This post goes hand-in-hand with A-Camp’s High Tea with Laneia, Rachel, and Riese.

On Camp: You Need a Pocket Knife

click for more 'on camp'

Regardless of whether you’re using it on a camping trip or just around the house, a pocket knife is hands down one of the Most Important Gadgets you can own. You can do so many things with it: slice cheese, open bottles or even carve the perfect stick for toasting marshmallows. They were the app for that before there was an app for that!

In general, pocket knife blades are smaller than regular knife blades for convenience and transportability. For the most part, the blade will be between 2″ and 4″ long.

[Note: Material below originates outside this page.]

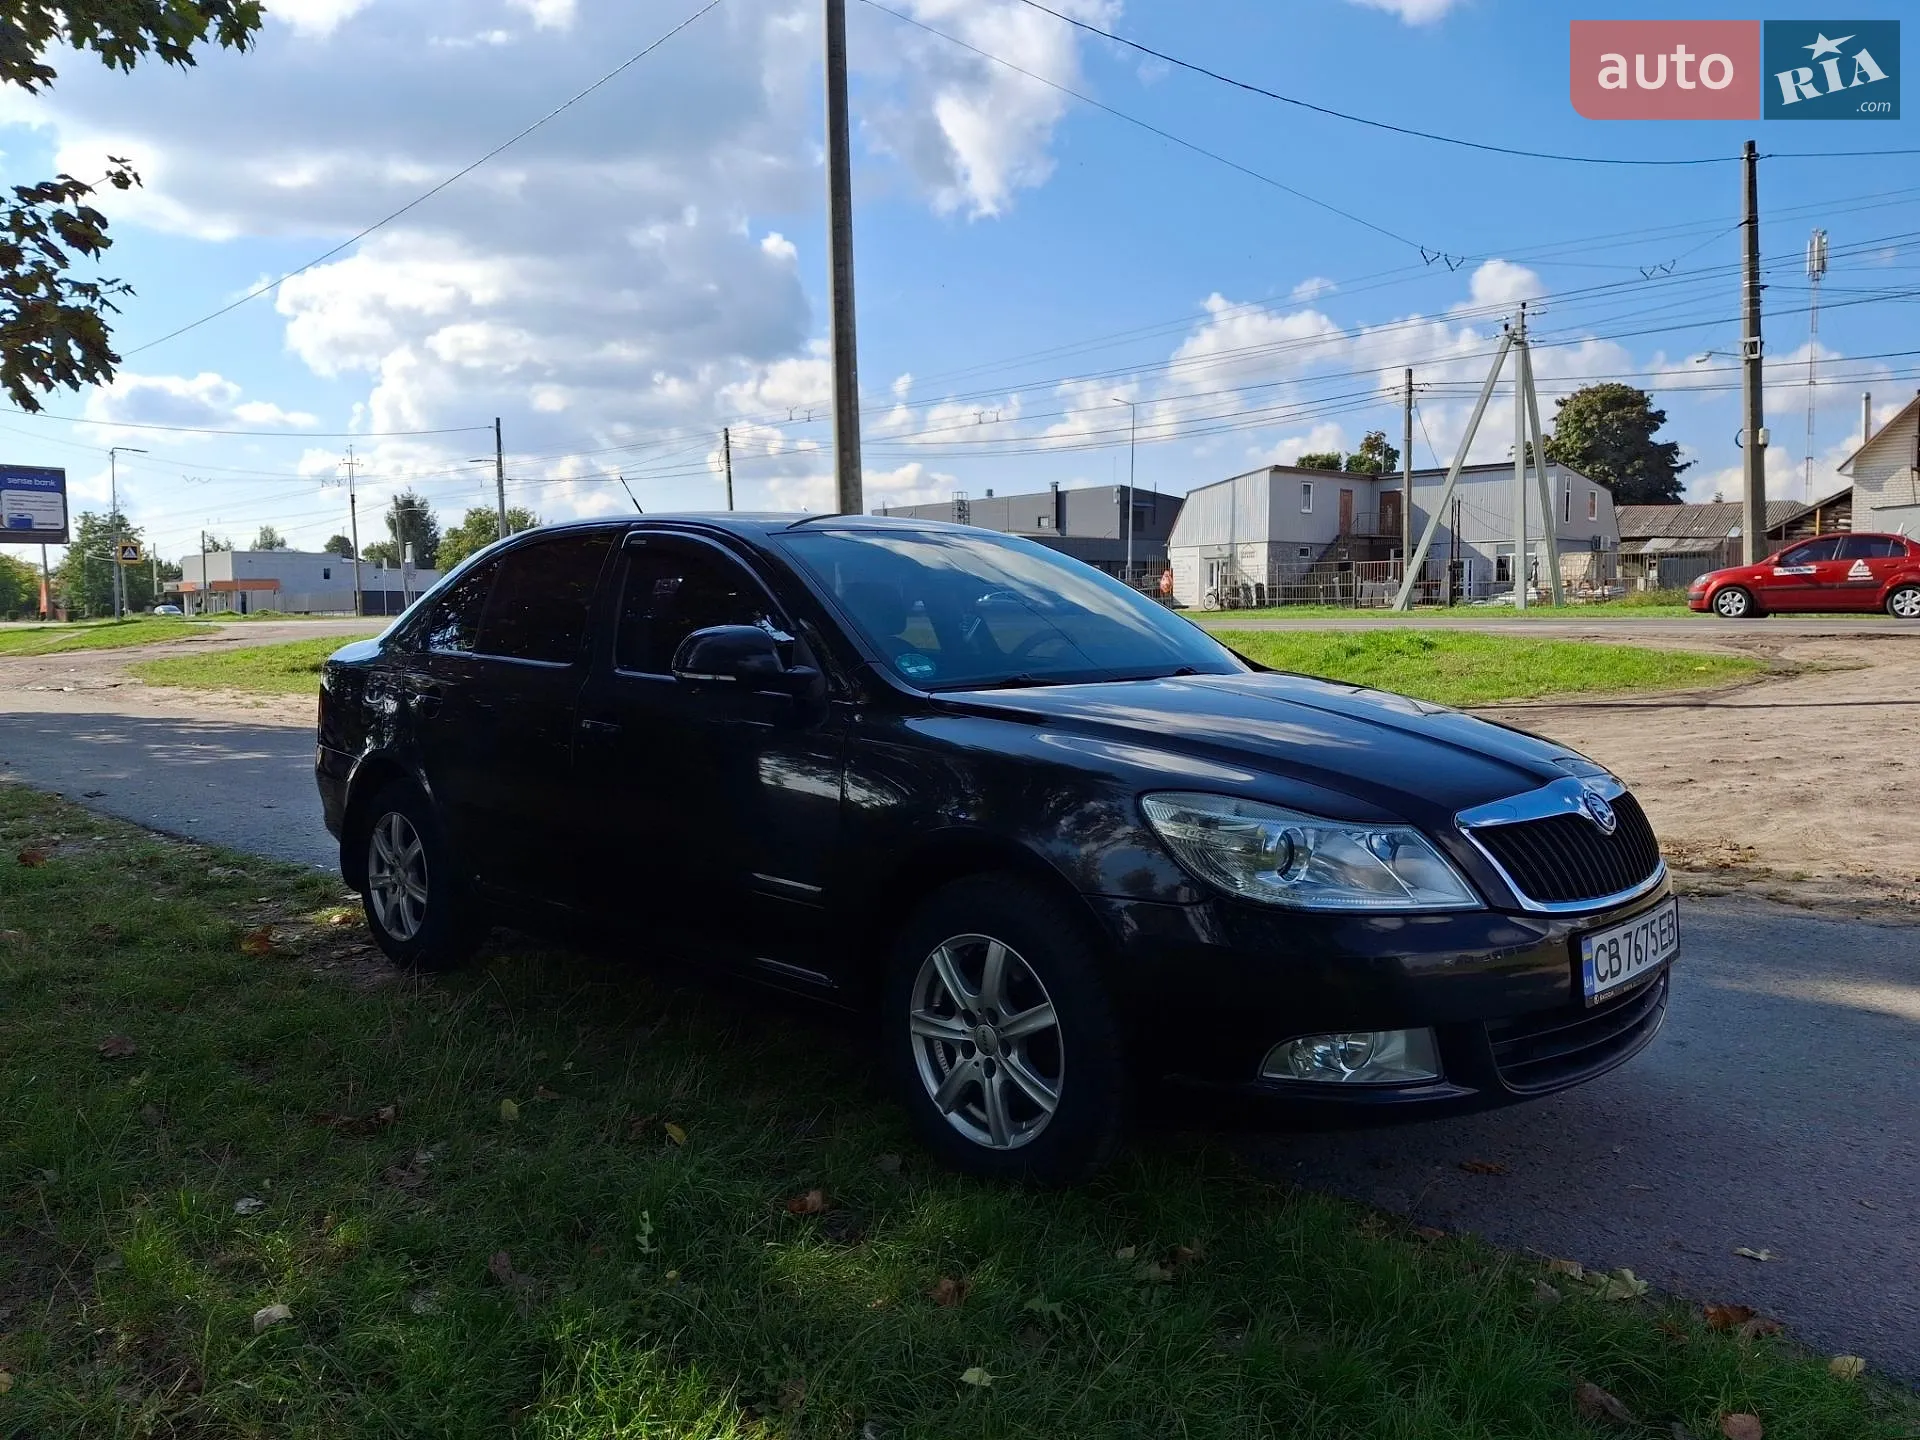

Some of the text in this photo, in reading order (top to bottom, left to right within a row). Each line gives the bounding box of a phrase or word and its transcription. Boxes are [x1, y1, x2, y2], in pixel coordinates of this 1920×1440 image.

[34, 478, 56, 487] bank
[1595, 908, 1676, 983] CB 7675 EB

This may not be a long or strong enough blade if you want to do something like field dress an elk, but if your goals are more along the lines of cutting ropes and vegetables, you should be just fine. Manufacturers use all kinds of materials–from aluminum to wood to bone — to make the handle and all your favorite metals (think carbon and stainless steel) for the blades.

You have so many options at your fingertips when shopping for a knife, so narrowing down what you might use it for is a good place to start . Pocket knives can be as basic as a single blade, or they can hide two blades, three, or more! Maybe you will find a reason to need the Air Force Karambit Rescue Folder Spring Assist Pocket Knife or some scorpion throwing knives. Who knows? Variety is the spice of life.

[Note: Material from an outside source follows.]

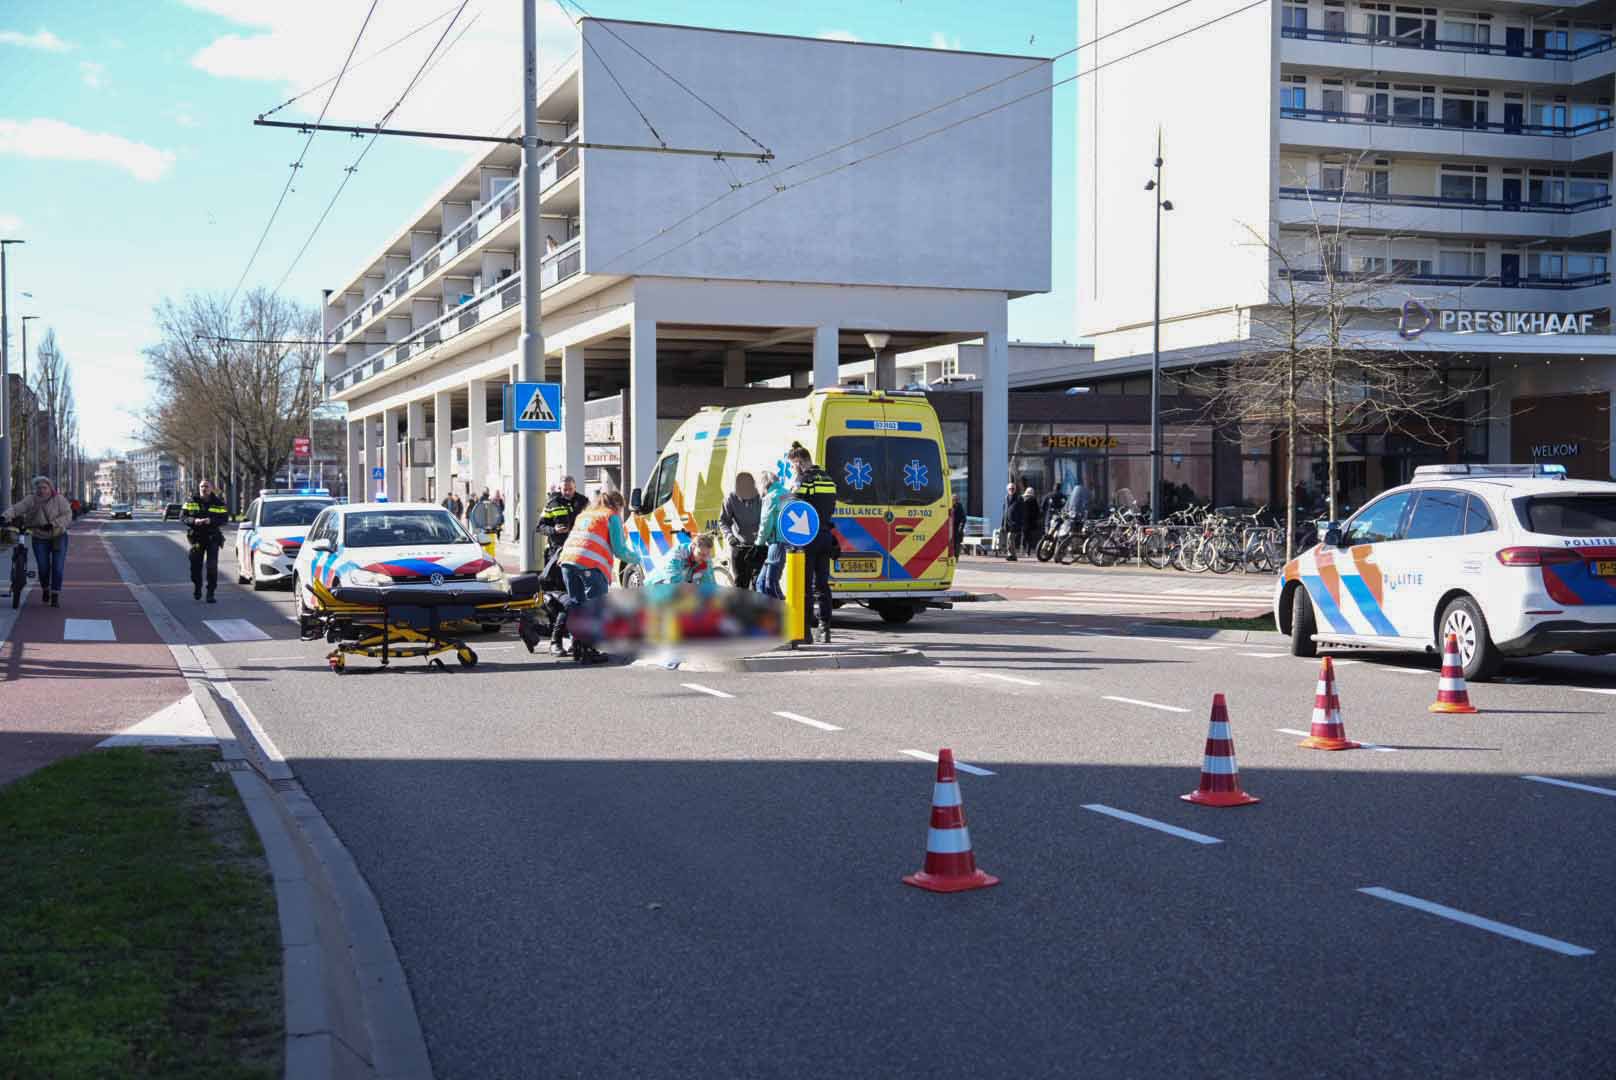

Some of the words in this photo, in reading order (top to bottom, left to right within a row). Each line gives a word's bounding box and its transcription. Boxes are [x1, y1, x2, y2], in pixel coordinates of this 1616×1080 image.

[1440, 310, 1593, 333] PRESIKHAAF
[1531, 443, 1578, 457] WELKOM
[1563, 538, 1616, 547] POLITIE

Then you’ve got multitools. Multitools are perhaps more familiar to you as those little transformer-esque devices that house all kinds of useful tools in their handles. They’re well known for their ability to solve any and all your camping (and life, if we’re being honest) problems.

Make sure you check your new multitool’s list of components before you buy it! It was W.C. Fields who wrote, “Once, in the wilds of Afghanistan, I lost my corkscrew, and we were forced to live on nothing but food and water for days.” Do not share his fate! Make sure you have a corkscrew and a bottle opener! Check out Amazon’s consumer reviews for a more diverse perspective.

With that in mind, let’s take a look at the frankly frightening array of knives available to you.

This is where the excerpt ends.